Exercise prompt
Return every line below as is, leaving out the pictures.

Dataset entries
----
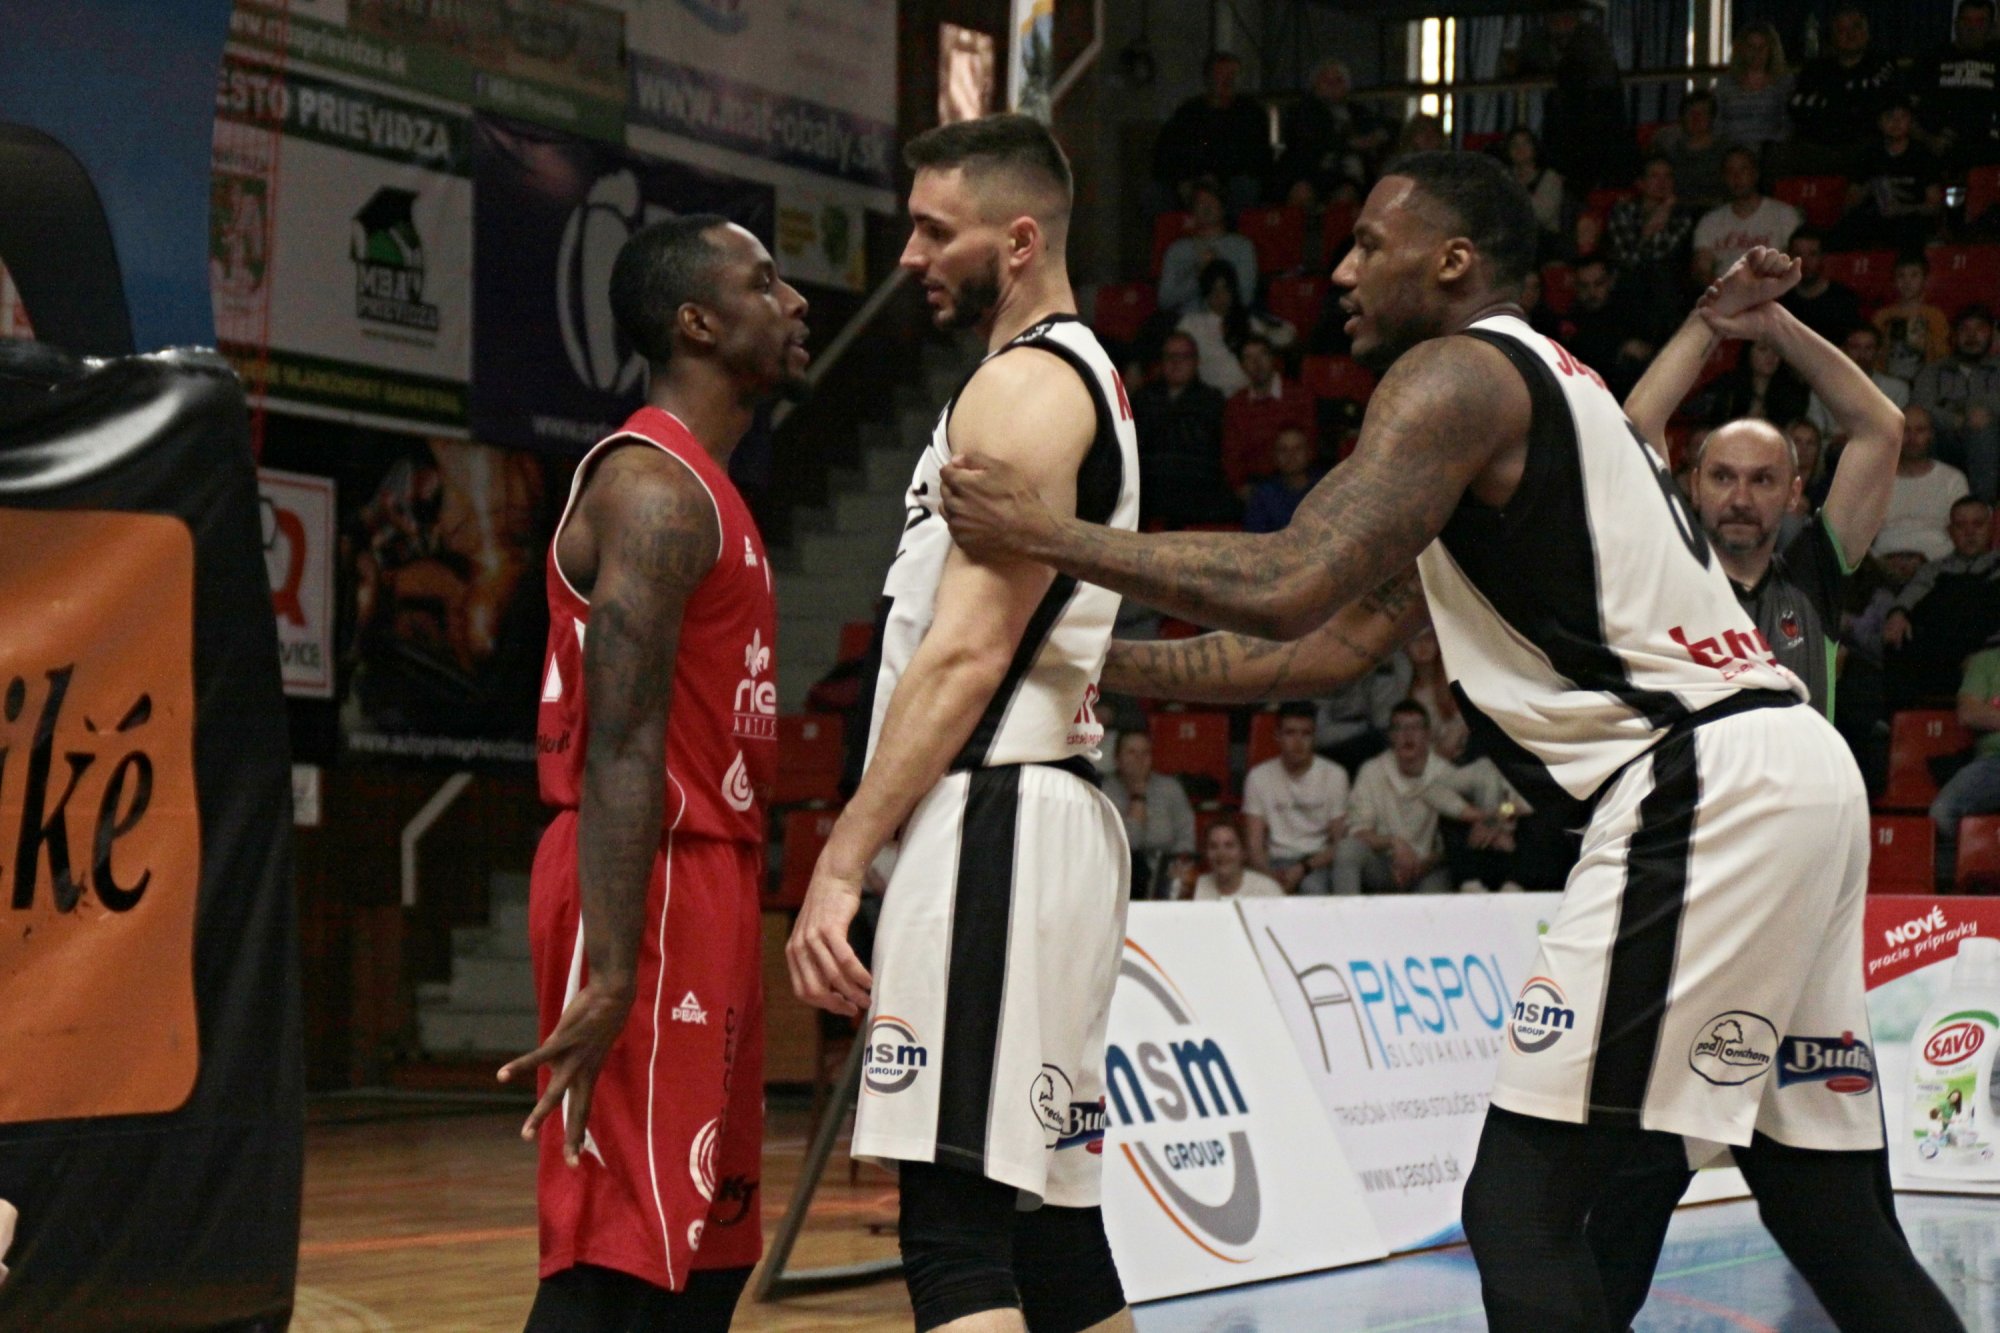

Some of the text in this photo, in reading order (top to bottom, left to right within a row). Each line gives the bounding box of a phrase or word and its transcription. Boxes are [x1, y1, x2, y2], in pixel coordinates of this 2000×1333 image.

[298, 87, 451, 160] PRIEVIDZA
[1885, 904, 1947, 948] NOVÉ
[1868, 947, 1910, 976] pracie
[672, 1007, 708, 1025] PEAK
[1518, 1025, 1545, 1037] GROUP
[1386, 1034, 1505, 1068] SLOVAKIA MA
[1931, 1024, 1980, 1061] SAVO
[869, 1067, 903, 1076] GROUP
[1163, 1139, 1225, 1171] GROUP
[1358, 1152, 1465, 1195] www.paspol.sk
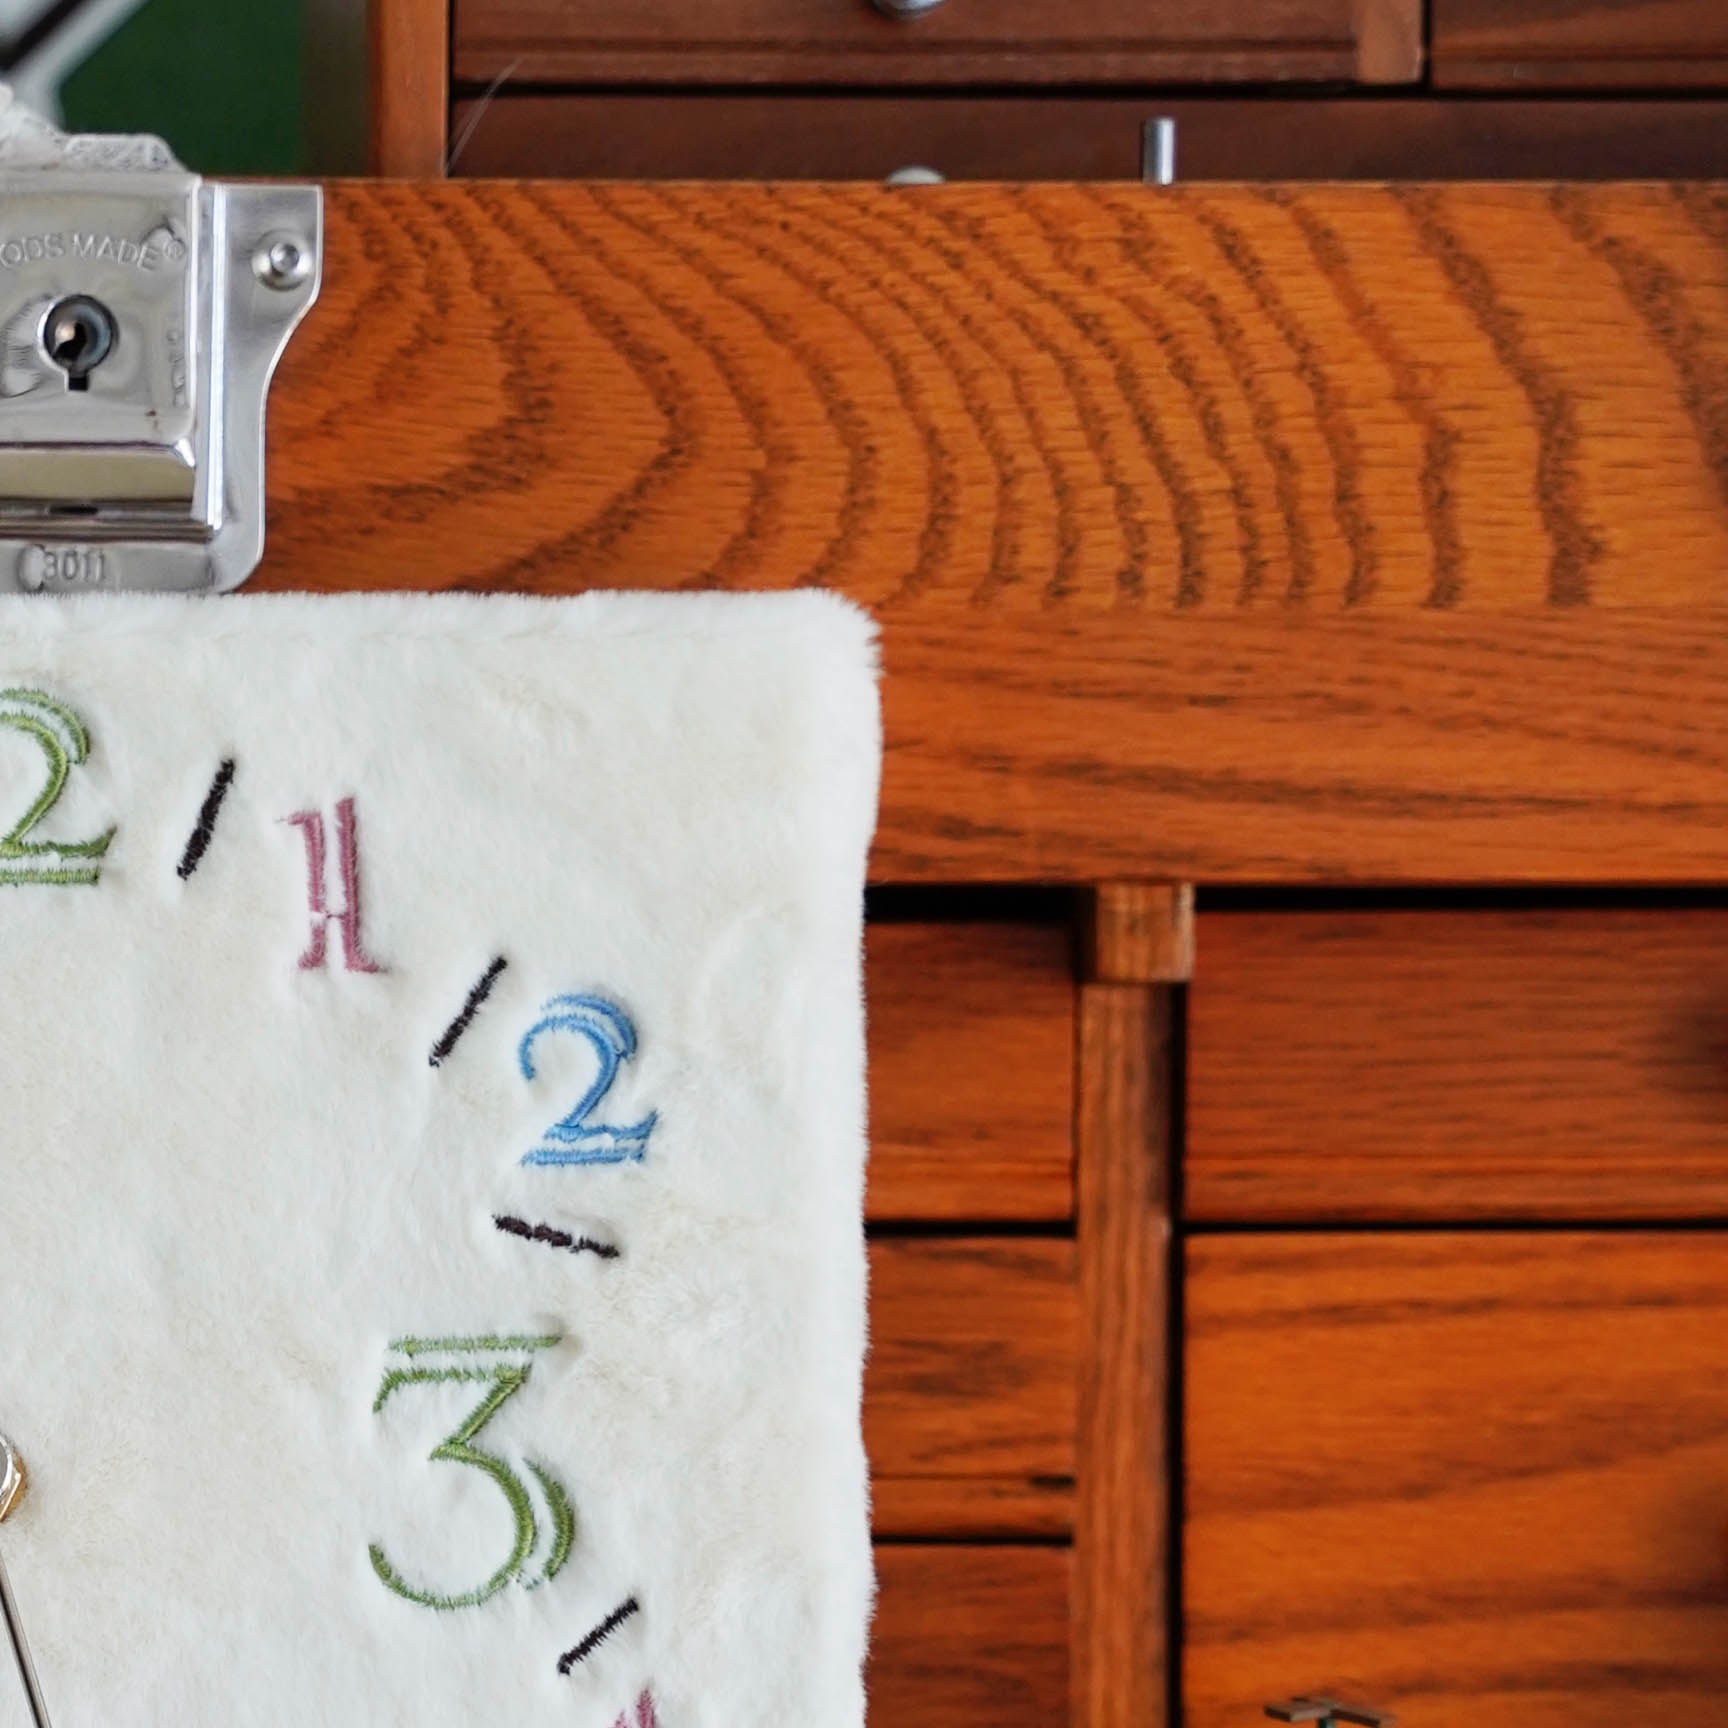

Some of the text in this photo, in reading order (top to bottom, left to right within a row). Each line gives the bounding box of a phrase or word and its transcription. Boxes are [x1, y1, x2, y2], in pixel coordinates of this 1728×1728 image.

[277, 796, 389, 975] 1
[518, 993, 659, 1166] 2
[368, 1332, 576, 1608] 3
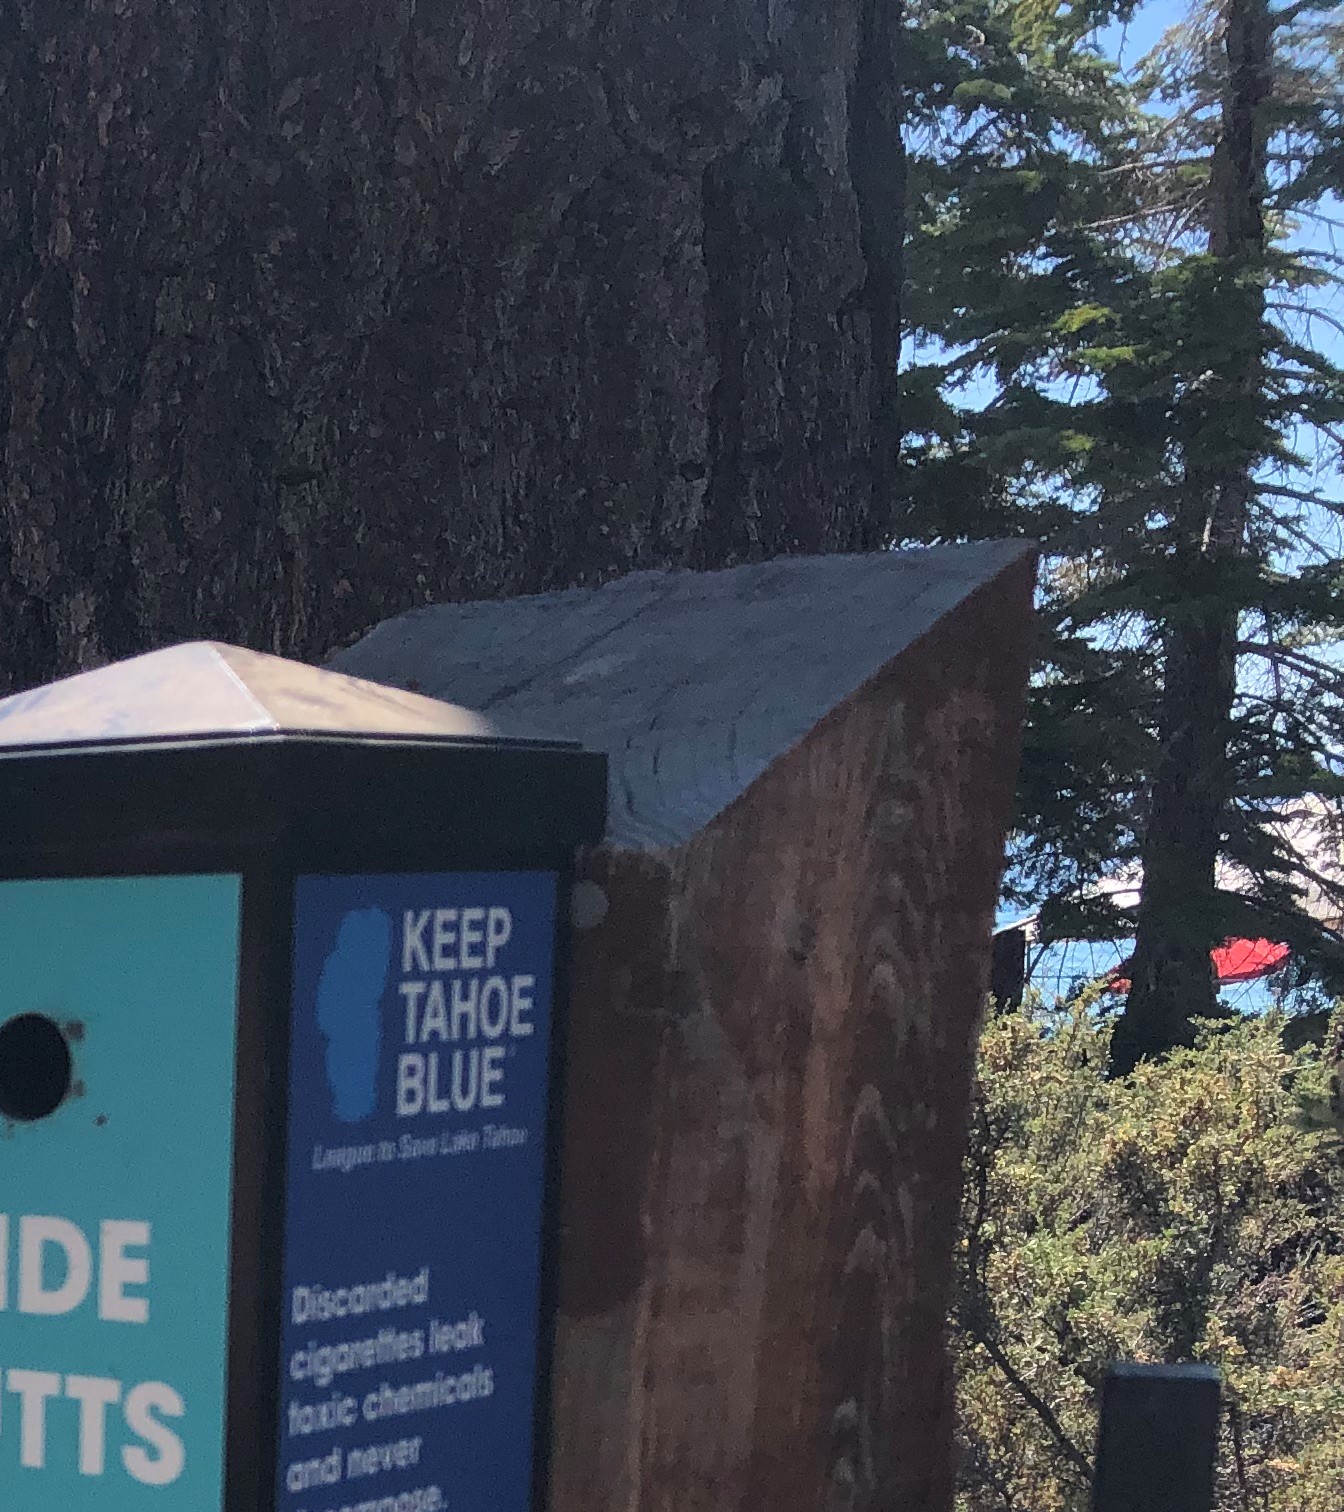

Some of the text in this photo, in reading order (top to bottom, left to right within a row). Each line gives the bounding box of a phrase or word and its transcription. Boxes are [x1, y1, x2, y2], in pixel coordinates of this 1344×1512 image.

[402, 906, 512, 972] KEEP
[398, 974, 536, 1044] TAHOE
[396, 1046, 506, 1118] BLUE
[312, 1124, 529, 1172] League to Save Lake Tahoe
[291, 1266, 429, 1324] Discarded
[290, 1310, 485, 1387] cigarettes leak
[288, 1363, 494, 1437] toxic chemicals
[286, 1436, 422, 1492] and never
----
Exercise output
Some of the text in this photo, in reading order (top to bottom, left to right within a row). Each line gives the bounding box of a phrase or word and its transcription. Boxes are [x1, y1, x2, y2], in pixel coordinates of this 2000×1333 image.

[298, 87, 451, 160] PRIEVIDZA
[1885, 904, 1947, 948] NOVÉ
[1868, 947, 1910, 976] pracie
[672, 1007, 708, 1025] PEAK
[1518, 1025, 1545, 1037] GROUP
[1386, 1034, 1505, 1068] SLOVAKIA MA
[1931, 1024, 1980, 1061] SAVO
[869, 1067, 903, 1076] GROUP
[1163, 1139, 1225, 1171] GROUP
[1358, 1152, 1465, 1195] www.paspol.sk

Some of the text in this photo, in reading order (top to bottom, left to right within a row). Each line gives the bounding box of a phrase or word and its transcription. Boxes are [x1, y1, x2, y2], in pixel coordinates of this 1728×1728 image.

[277, 796, 389, 975] 1
[518, 993, 659, 1166] 2
[368, 1332, 576, 1608] 3

Some of the text in this photo, in reading order (top to bottom, left to right within a row). Each line gives the bounding box of a phrase or word and its transcription. Boxes are [x1, y1, x2, y2], in pixel coordinates of this 1344×1512 image.

[402, 906, 512, 972] KEEP
[398, 974, 536, 1044] TAHOE
[396, 1046, 506, 1118] BLUE
[312, 1124, 529, 1172] League to Save Lake Tahoe
[291, 1266, 429, 1324] Discarded
[290, 1310, 485, 1387] cigarettes leak
[288, 1363, 494, 1437] toxic chemicals
[286, 1436, 422, 1492] and never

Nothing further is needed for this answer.